Cybernetics & the Big Five Personality Traits
Categories: Event at ORI
ABOUT THIS TALK: The Big Five emerged empirically as a descriptive model of personality structure. To increase scientific understanding of the Big Five now requires moving beyond description to the development of theories that explain the sources of these five personality dimensions. Cybernetics, the study of goal-directed, adaptive systems, is a promising framework for an integrative theory of personality. Cybernetic Big Five Theory attempts to provide a comprehensive, synthetic, and mechanistic explanatory model. Constructs that describe psychological individual differences are divided into personality traits, reflecting variation in the parameters of evolved cybernetic mechanisms, and characteristic adaptations, representing goals, interpretations, and strategies defined in relation to an individual’s particular life circumstances. Based on research in psychology and neuroscience, the theory identifies mechanisms in which variation is responsible for traits in the top three levels of a hierarchical taxonomy based on the Big Five and describes the causal dynamics between traits and characteristic adaptations. Dr. DeYoung's presentation is September 24, at 2:30 p.m. in the Wolf Conference Room at ORI.

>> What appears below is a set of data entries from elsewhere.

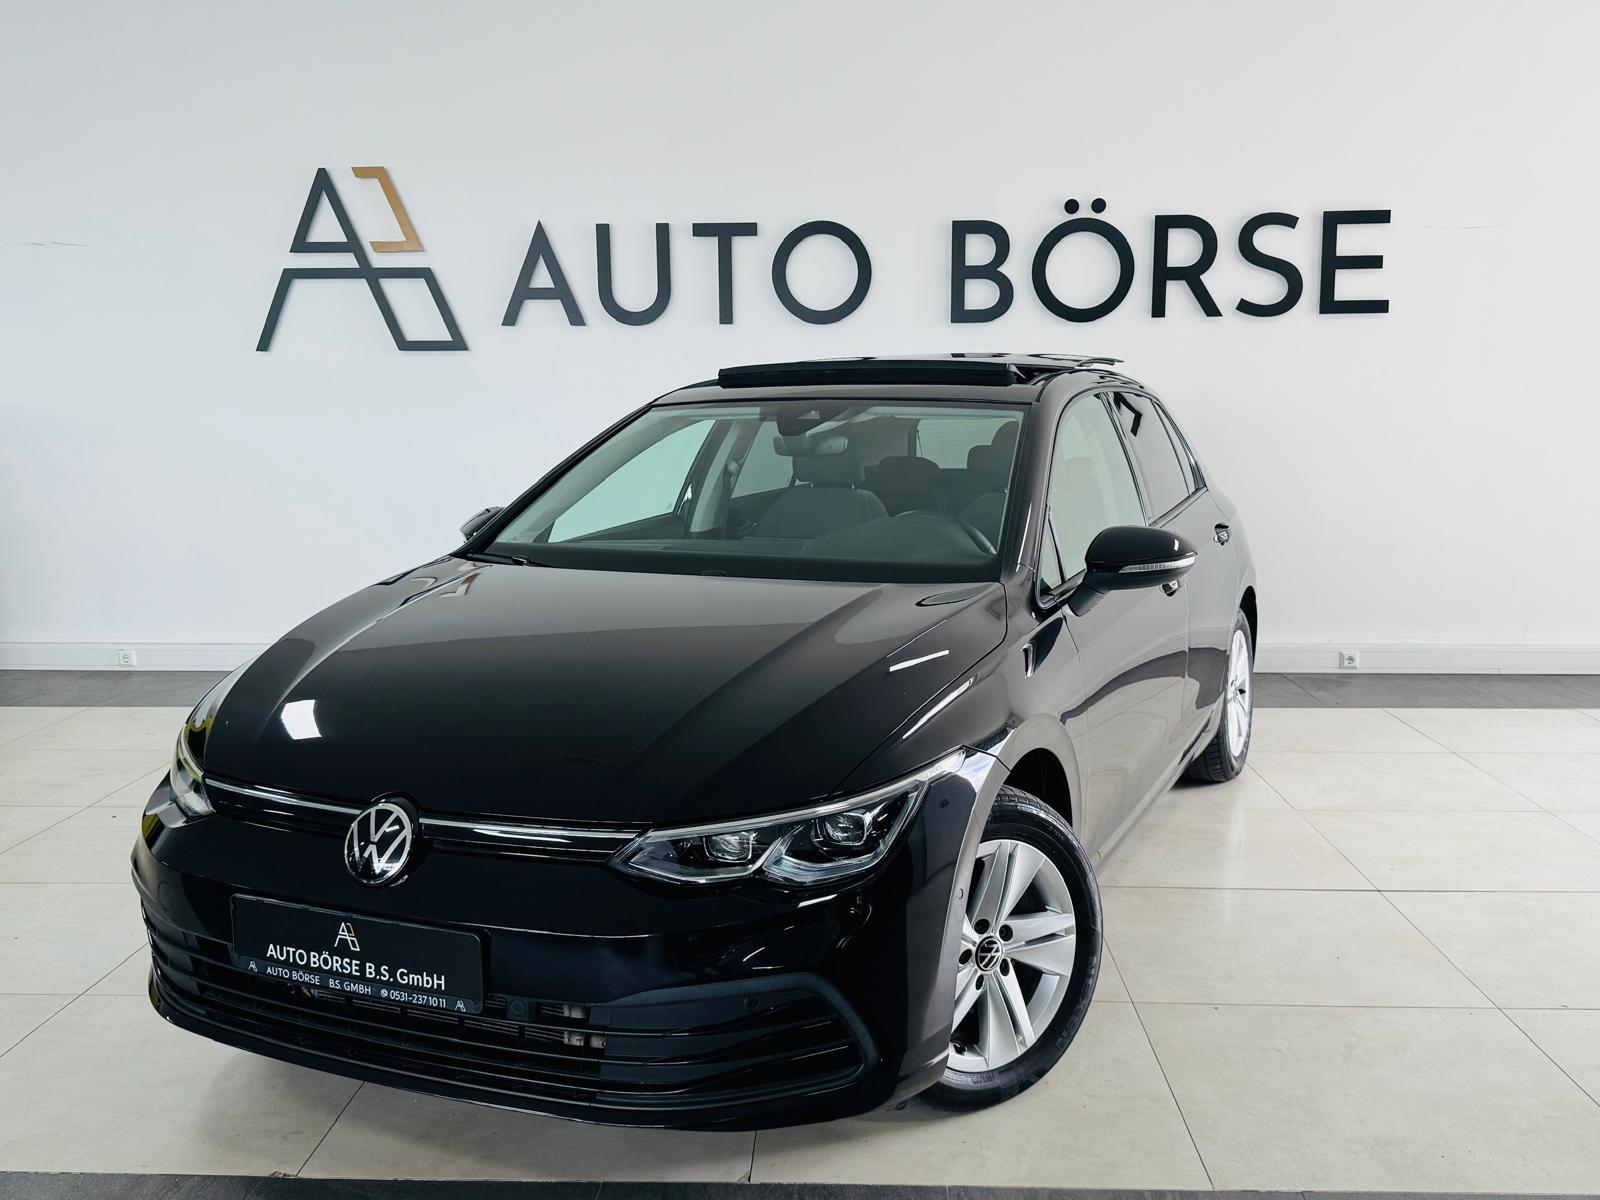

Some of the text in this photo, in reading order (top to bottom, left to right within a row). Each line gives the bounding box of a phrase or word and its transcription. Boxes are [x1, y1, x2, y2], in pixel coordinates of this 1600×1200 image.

[501, 198, 1391, 327] AUTO BÖRSE
[266, 943, 445, 990] AUTO BÖRSE B.S. GmbH
[266, 966, 290, 978] AUTO
[292, 971, 320, 985] BÖRSE
[343, 981, 371, 995] GMBH
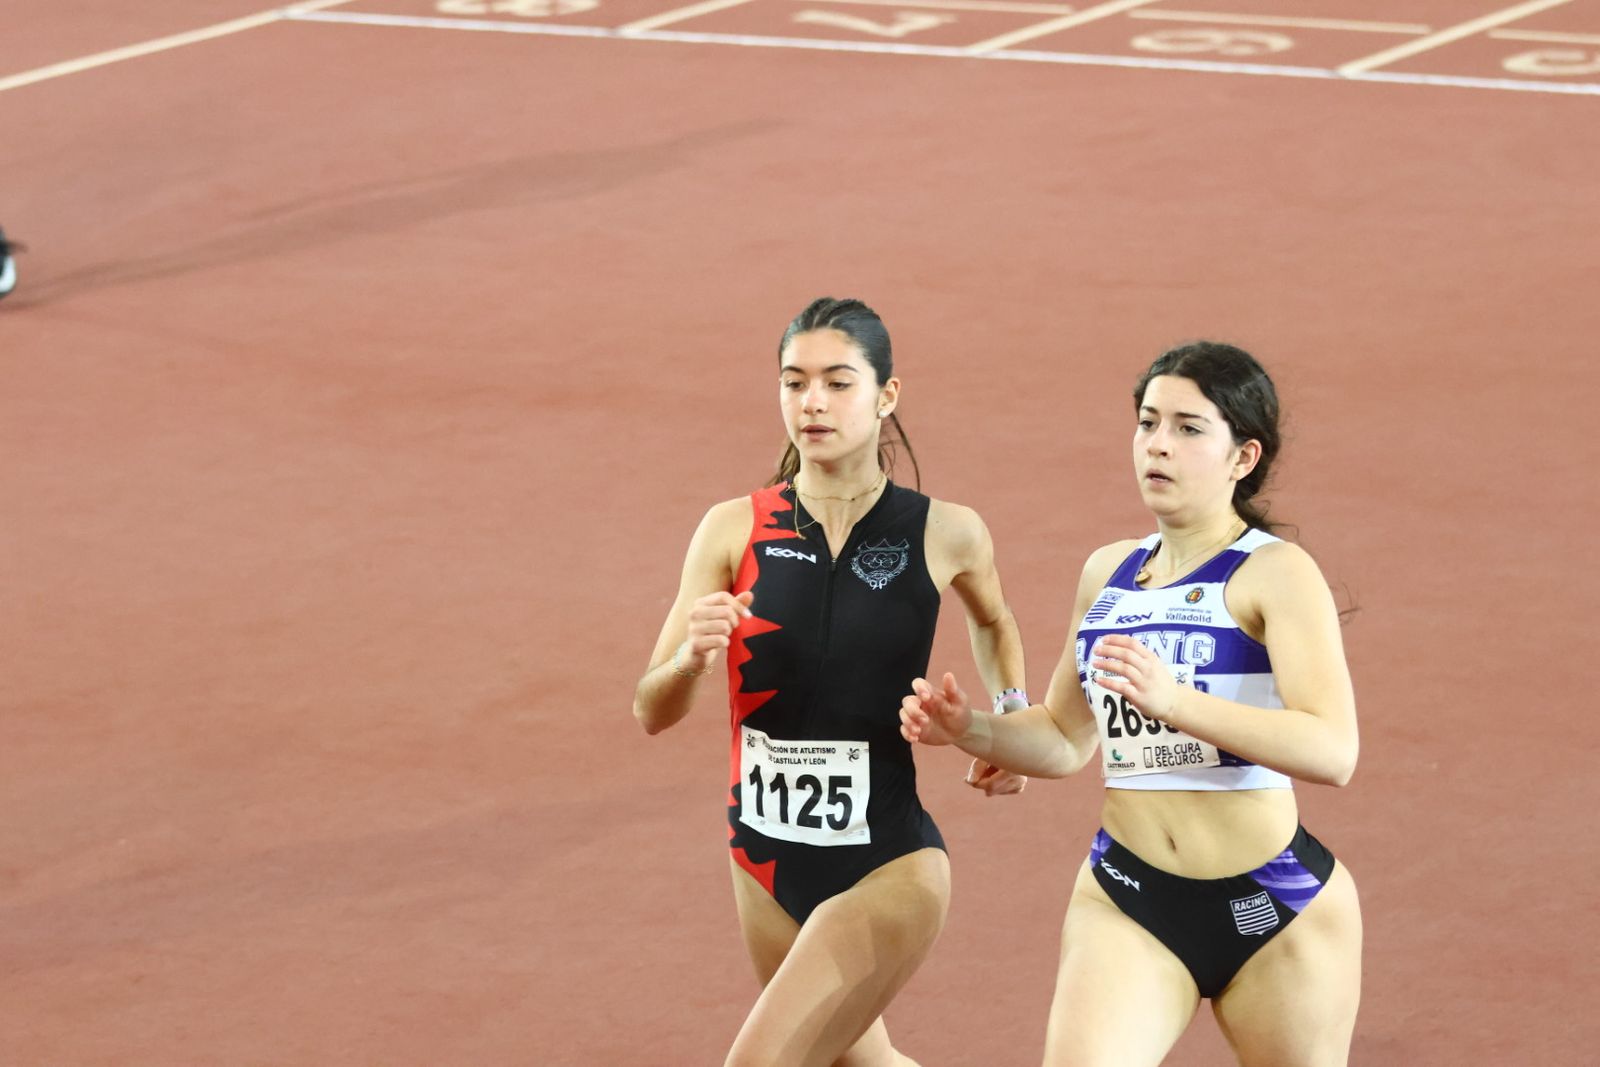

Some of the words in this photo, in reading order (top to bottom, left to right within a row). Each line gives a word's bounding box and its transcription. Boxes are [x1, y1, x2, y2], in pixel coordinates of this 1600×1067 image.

Colin DeYoung, Ph.D., is Associate Professor of Psychology in the area of personality, individual differences, and behavioral genetics at the University of Minnesota. His research focuses on the structure and sources of psychological traits, using neuroscience methods to investigate their biological substrates. His major research topics include (1) development of a theory of general personality structure and its sources in psychological and brain function; (2) cognitive abilities, such as intelligence, working memory, decision making, and creativity; and (3) externalizing behavior problems, including impulsivity, aggression, antisocial behavior, and drug use. He received his A.B. from Harvard University in 1998, completed his doctorate at the University of Toronto in 2005, and was a postdoctoral fellow at Yale University before moving to the University of Minnesota in 2008. In 2007, he won the J.S. Tanaka Dissertation Award for methodological and substantive contributions to the field of personality psychology, from the Association for Research in Personality. In 2012, he won the SAGE Young Scholar Award from the Foundation for Personality and Social Psychology. His research in personality neuroscience has been funded by the National Science Foundation and the National Institutes of Health.